START DATA TO USE

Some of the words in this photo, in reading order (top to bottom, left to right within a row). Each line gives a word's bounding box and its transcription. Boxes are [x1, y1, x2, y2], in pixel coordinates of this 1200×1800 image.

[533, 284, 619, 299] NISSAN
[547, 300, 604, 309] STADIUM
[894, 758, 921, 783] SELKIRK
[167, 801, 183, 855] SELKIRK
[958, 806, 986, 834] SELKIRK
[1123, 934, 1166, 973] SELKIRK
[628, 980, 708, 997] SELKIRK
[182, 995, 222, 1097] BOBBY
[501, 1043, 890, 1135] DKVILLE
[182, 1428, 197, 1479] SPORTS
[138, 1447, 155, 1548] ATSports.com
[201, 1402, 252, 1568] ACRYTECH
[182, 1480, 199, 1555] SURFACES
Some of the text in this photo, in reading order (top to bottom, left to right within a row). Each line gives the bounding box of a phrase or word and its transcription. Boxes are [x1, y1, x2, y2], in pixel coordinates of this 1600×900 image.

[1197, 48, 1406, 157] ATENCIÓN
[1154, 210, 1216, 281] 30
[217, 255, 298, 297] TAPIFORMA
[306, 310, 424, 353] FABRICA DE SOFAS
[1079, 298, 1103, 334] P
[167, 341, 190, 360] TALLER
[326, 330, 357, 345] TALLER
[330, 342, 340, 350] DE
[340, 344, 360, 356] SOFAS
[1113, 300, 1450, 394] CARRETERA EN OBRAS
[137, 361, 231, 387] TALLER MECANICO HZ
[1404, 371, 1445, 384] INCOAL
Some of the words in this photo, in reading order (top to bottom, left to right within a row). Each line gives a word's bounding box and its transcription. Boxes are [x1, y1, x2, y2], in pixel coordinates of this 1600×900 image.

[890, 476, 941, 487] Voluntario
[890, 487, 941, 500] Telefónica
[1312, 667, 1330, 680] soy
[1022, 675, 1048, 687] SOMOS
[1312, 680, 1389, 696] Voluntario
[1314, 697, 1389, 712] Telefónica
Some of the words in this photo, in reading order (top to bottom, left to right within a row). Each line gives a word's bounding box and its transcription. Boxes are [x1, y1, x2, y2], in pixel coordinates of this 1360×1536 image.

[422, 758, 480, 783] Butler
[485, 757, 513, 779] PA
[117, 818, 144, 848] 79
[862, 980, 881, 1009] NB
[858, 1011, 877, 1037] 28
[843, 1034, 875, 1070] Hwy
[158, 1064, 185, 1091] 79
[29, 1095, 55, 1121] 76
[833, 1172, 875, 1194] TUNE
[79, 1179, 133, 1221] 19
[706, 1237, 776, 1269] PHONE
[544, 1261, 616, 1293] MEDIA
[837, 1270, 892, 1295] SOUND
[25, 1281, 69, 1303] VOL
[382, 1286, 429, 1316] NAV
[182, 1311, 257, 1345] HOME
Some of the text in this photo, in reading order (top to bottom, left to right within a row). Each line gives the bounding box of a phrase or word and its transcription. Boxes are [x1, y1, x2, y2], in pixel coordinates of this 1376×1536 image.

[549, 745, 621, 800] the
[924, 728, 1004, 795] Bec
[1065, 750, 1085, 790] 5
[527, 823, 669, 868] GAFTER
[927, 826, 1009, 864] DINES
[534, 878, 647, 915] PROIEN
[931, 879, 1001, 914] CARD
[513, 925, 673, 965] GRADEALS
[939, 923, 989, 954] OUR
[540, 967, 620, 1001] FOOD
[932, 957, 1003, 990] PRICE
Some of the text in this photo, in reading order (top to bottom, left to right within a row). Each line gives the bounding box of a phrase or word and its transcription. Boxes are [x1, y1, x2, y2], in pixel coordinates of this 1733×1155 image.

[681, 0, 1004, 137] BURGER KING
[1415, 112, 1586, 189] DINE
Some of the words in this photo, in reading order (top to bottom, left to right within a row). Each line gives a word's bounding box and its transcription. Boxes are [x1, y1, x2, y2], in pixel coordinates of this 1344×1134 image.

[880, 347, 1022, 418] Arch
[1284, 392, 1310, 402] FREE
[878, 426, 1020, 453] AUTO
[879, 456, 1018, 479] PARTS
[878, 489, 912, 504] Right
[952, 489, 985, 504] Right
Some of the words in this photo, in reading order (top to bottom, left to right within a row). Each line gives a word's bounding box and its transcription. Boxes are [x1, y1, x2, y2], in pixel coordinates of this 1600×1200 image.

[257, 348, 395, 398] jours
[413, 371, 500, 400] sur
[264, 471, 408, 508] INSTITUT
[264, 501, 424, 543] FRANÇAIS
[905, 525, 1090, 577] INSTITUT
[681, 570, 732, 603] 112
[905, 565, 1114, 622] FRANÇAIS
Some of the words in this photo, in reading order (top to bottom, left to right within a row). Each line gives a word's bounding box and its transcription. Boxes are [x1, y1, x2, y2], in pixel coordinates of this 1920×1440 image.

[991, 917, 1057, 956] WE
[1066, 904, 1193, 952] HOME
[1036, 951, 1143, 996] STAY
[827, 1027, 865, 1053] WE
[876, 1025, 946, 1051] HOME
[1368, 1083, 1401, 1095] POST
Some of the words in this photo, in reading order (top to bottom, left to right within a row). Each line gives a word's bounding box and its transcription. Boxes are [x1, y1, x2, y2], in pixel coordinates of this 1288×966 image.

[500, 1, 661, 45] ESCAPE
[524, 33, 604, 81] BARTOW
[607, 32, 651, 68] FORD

END DATA TO USE

ABOUT THIS TASK » This exercise requires that all of the entries be repeated exactly.

TASK RESULT »
Some of the words in this photo, in reading order (top to bottom, left to right within a row). Each line gives a word's bounding box and its transcription. Boxes are [x1, y1, x2, y2], in pixel coordinates of this 1200×1800 image.

[533, 284, 619, 299] NISSAN
[547, 300, 604, 309] STADIUM
[894, 758, 921, 783] SELKIRK
[167, 801, 183, 855] SELKIRK
[958, 806, 986, 834] SELKIRK
[1123, 934, 1166, 973] SELKIRK
[628, 980, 708, 997] SELKIRK
[182, 995, 222, 1097] BOBBY
[501, 1043, 890, 1135] DKVILLE
[182, 1428, 197, 1479] SPORTS
[138, 1447, 155, 1548] ATSports.com
[201, 1402, 252, 1568] ACRYTECH
[182, 1480, 199, 1555] SURFACES
Some of the text in this photo, in reading order (top to bottom, left to right within a row). Each line gives the bounding box of a phrase or word and its transcription. Boxes are [x1, y1, x2, y2], in pixel coordinates of this 1600×900 image.

[1197, 48, 1406, 157] ATENCIÓN
[1154, 210, 1216, 281] 30
[217, 255, 298, 297] TAPIFORMA
[306, 310, 424, 353] FABRICA DE SOFAS
[1079, 298, 1103, 334] P
[167, 341, 190, 360] TALLER
[326, 330, 357, 345] TALLER
[330, 342, 340, 350] DE
[340, 344, 360, 356] SOFAS
[1113, 300, 1450, 394] CARRETERA EN OBRAS
[137, 361, 231, 387] TALLER MECANICO HZ
[1404, 371, 1445, 384] INCOAL
Some of the words in this photo, in reading order (top to bottom, left to right within a row). Each line gives a word's bounding box and its transcription. Boxes are [x1, y1, x2, y2], in pixel coordinates of this 1600×900 image.

[890, 476, 941, 487] Voluntario
[890, 487, 941, 500] Telefónica
[1312, 667, 1330, 680] soy
[1022, 675, 1048, 687] SOMOS
[1312, 680, 1389, 696] Voluntario
[1314, 697, 1389, 712] Telefónica
Some of the words in this photo, in reading order (top to bottom, left to right within a row). Each line gives a word's bounding box and its transcription. Boxes are [x1, y1, x2, y2], in pixel coordinates of this 1360×1536 image.

[422, 758, 480, 783] Butler
[485, 757, 513, 779] PA
[117, 818, 144, 848] 79
[862, 980, 881, 1009] NB
[858, 1011, 877, 1037] 28
[843, 1034, 875, 1070] Hwy
[158, 1064, 185, 1091] 79
[29, 1095, 55, 1121] 76
[833, 1172, 875, 1194] TUNE
[79, 1179, 133, 1221] 19
[706, 1237, 776, 1269] PHONE
[544, 1261, 616, 1293] MEDIA
[837, 1270, 892, 1295] SOUND
[25, 1281, 69, 1303] VOL
[382, 1286, 429, 1316] NAV
[182, 1311, 257, 1345] HOME
Some of the text in this photo, in reading order (top to bottom, left to right within a row). Each line gives the bounding box of a phrase or word and its transcription. Boxes are [x1, y1, x2, y2], in pixel coordinates of this 1376×1536 image.

[549, 745, 621, 800] the
[924, 728, 1004, 795] Bec
[1065, 750, 1085, 790] 5
[527, 823, 669, 868] GAFTER
[927, 826, 1009, 864] DINES
[534, 878, 647, 915] PROIEN
[931, 879, 1001, 914] CARD
[513, 925, 673, 965] GRADEALS
[939, 923, 989, 954] OUR
[540, 967, 620, 1001] FOOD
[932, 957, 1003, 990] PRICE
Some of the text in this photo, in reading order (top to bottom, left to right within a row). Each line gives the bounding box of a phrase or word and its transcription. Boxes are [x1, y1, x2, y2], in pixel coordinates of this 1733×1155 image.

[681, 0, 1004, 137] BURGER KING
[1415, 112, 1586, 189] DINE
Some of the words in this photo, in reading order (top to bottom, left to right within a row). Each line gives a word's bounding box and its transcription. Boxes are [x1, y1, x2, y2], in pixel coordinates of this 1344×1134 image.

[880, 347, 1022, 418] Arch
[1284, 392, 1310, 402] FREE
[878, 426, 1020, 453] AUTO
[879, 456, 1018, 479] PARTS
[878, 489, 912, 504] Right
[952, 489, 985, 504] Right
Some of the words in this photo, in reading order (top to bottom, left to right within a row). Each line gives a word's bounding box and its transcription. Boxes are [x1, y1, x2, y2], in pixel coordinates of this 1600×1200 image.

[257, 348, 395, 398] jours
[413, 371, 500, 400] sur
[264, 471, 408, 508] INSTITUT
[264, 501, 424, 543] FRANÇAIS
[905, 525, 1090, 577] INSTITUT
[681, 570, 732, 603] 112
[905, 565, 1114, 622] FRANÇAIS
Some of the words in this photo, in reading order (top to bottom, left to right within a row). Each line gives a word's bounding box and its transcription. Boxes are [x1, y1, x2, y2], in pixel coordinates of this 1920×1440 image.

[991, 917, 1057, 956] WE
[1066, 904, 1193, 952] HOME
[1036, 951, 1143, 996] STAY
[827, 1027, 865, 1053] WE
[876, 1025, 946, 1051] HOME
[1368, 1083, 1401, 1095] POST
Some of the words in this photo, in reading order (top to bottom, left to right within a row). Each line gives a word's bounding box and its transcription. Boxes are [x1, y1, x2, y2], in pixel coordinates of this 1288×966 image.

[500, 1, 661, 45] ESCAPE
[524, 33, 604, 81] BARTOW
[607, 32, 651, 68] FORD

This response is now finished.